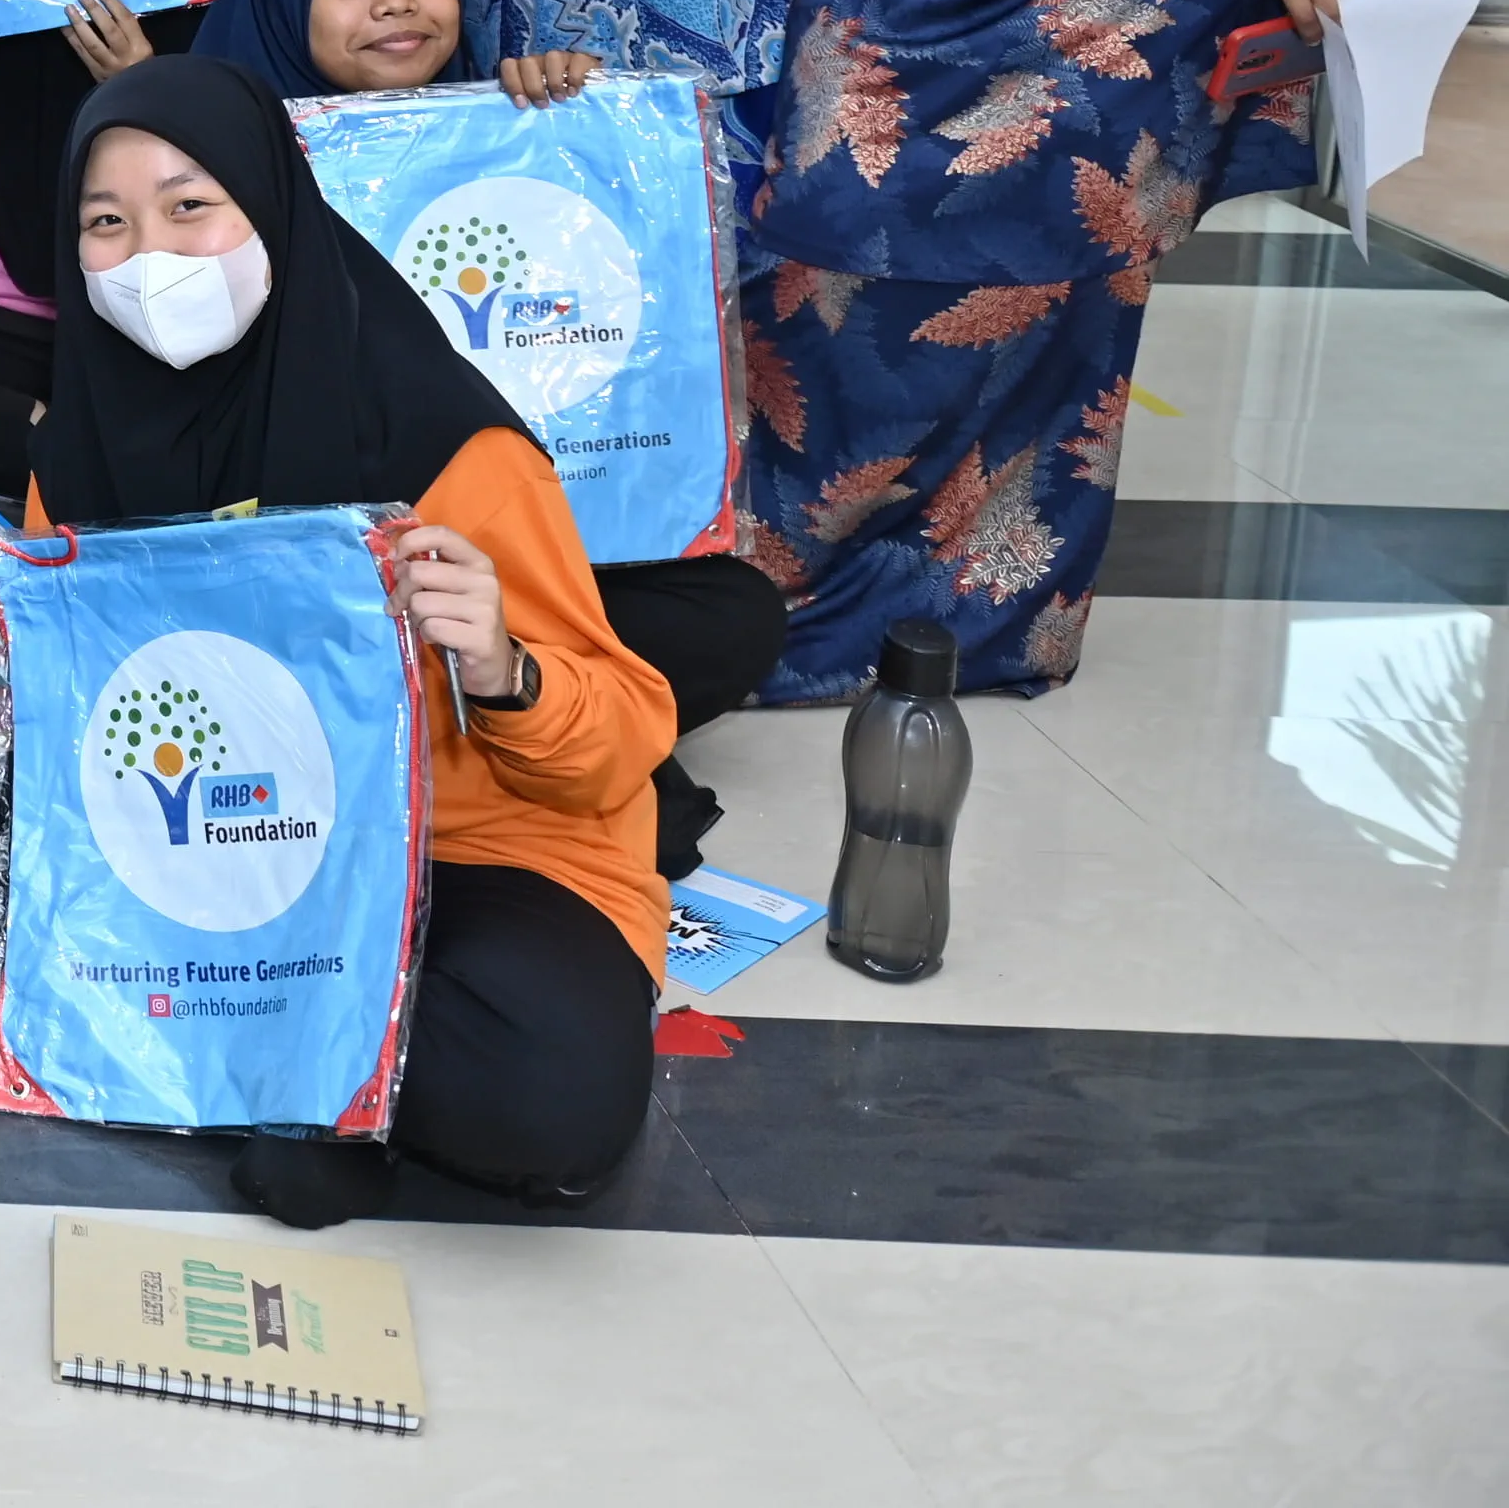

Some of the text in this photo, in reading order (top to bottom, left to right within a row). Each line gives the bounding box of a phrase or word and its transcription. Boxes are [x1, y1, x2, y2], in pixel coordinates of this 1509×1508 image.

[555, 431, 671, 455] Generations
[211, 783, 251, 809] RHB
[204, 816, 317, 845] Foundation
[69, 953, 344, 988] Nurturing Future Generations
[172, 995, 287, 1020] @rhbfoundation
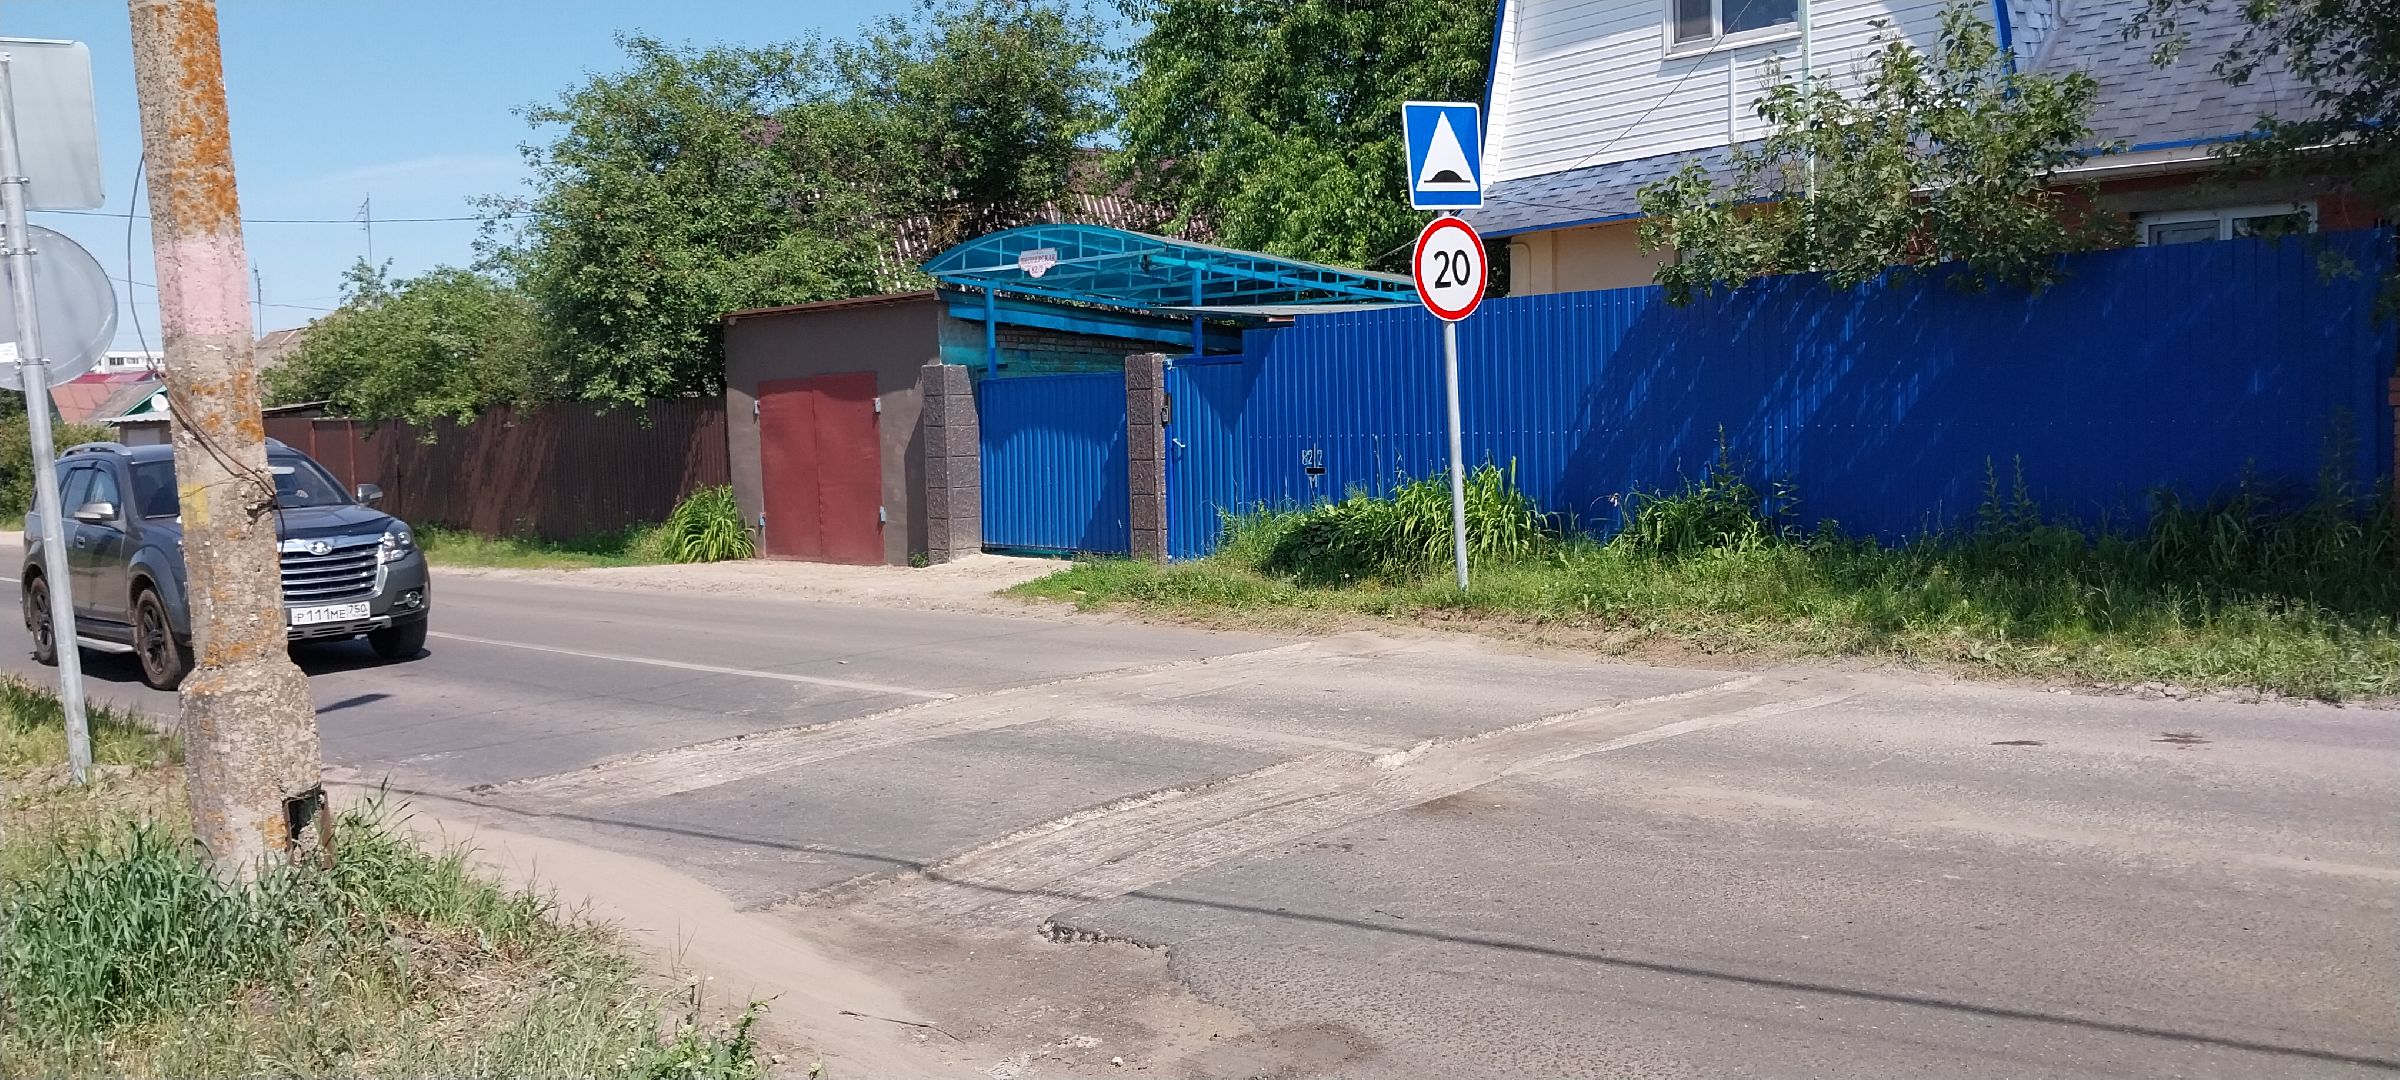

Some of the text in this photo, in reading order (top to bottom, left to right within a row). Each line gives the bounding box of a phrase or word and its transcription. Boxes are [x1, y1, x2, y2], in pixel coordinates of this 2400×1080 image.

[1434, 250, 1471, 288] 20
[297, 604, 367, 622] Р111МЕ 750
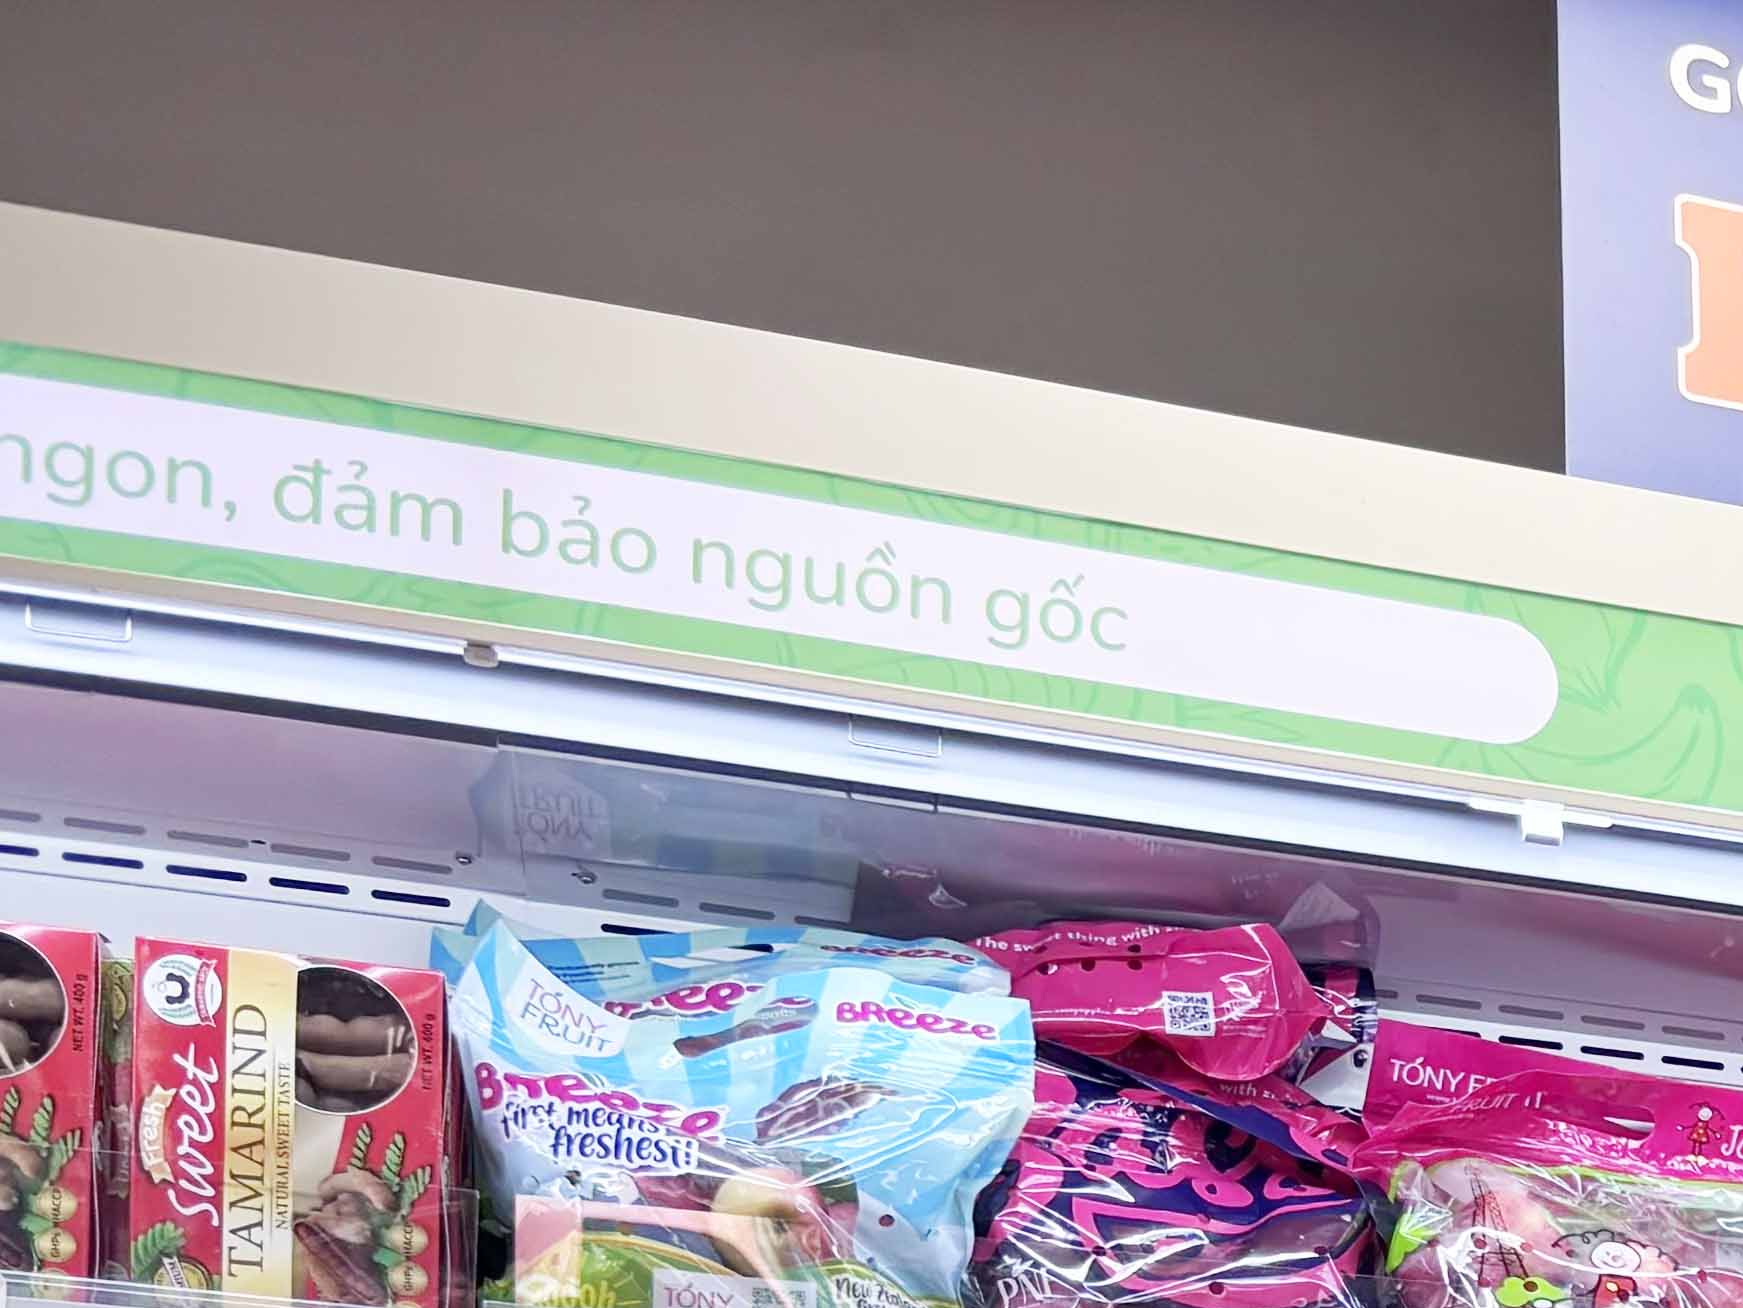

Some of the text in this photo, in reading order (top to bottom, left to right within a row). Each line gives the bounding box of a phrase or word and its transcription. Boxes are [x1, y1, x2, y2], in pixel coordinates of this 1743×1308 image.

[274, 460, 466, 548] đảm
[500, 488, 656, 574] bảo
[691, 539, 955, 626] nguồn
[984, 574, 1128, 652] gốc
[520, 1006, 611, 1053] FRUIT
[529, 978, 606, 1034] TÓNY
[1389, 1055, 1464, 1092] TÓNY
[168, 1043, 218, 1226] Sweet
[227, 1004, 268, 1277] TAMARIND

Prompt: Copy every record exactly, but skip the pictures.

Worked solution:
Some of the text in this photo, in reading order (top to bottom, left to right within a row). Each line gives the bounding box of a phrase or word and its transcription. Boxes are [x1, y1, x2, y2], in pixel coordinates of this 1509×1508 image.

[555, 431, 671, 455] Generations
[211, 783, 251, 809] RHB
[204, 816, 317, 845] Foundation
[69, 953, 344, 988] Nurturing Future Generations
[172, 995, 287, 1020] @rhbfoundation

Some of the text in this photo, in reading order (top to bottom, left to right within a row). Each line gives the bounding box of a phrase or word and its transcription. Boxes are [x1, y1, x2, y2], in pixel coordinates of this 2400×1080 image.

[1434, 250, 1471, 288] 20
[297, 604, 367, 622] Р111МЕ 750

Some of the text in this photo, in reading order (top to bottom, left to right within a row). Each line gives the bounding box of a phrase or word and its transcription. Boxes are [x1, y1, x2, y2], in pixel coordinates of this 1743×1308 image.

[274, 460, 466, 548] đảm
[500, 488, 656, 574] bảo
[691, 539, 955, 626] nguồn
[984, 574, 1128, 652] gốc
[520, 1006, 611, 1053] FRUIT
[529, 978, 606, 1034] TÓNY
[1389, 1055, 1464, 1092] TÓNY
[168, 1043, 218, 1226] Sweet
[227, 1004, 268, 1277] TAMARIND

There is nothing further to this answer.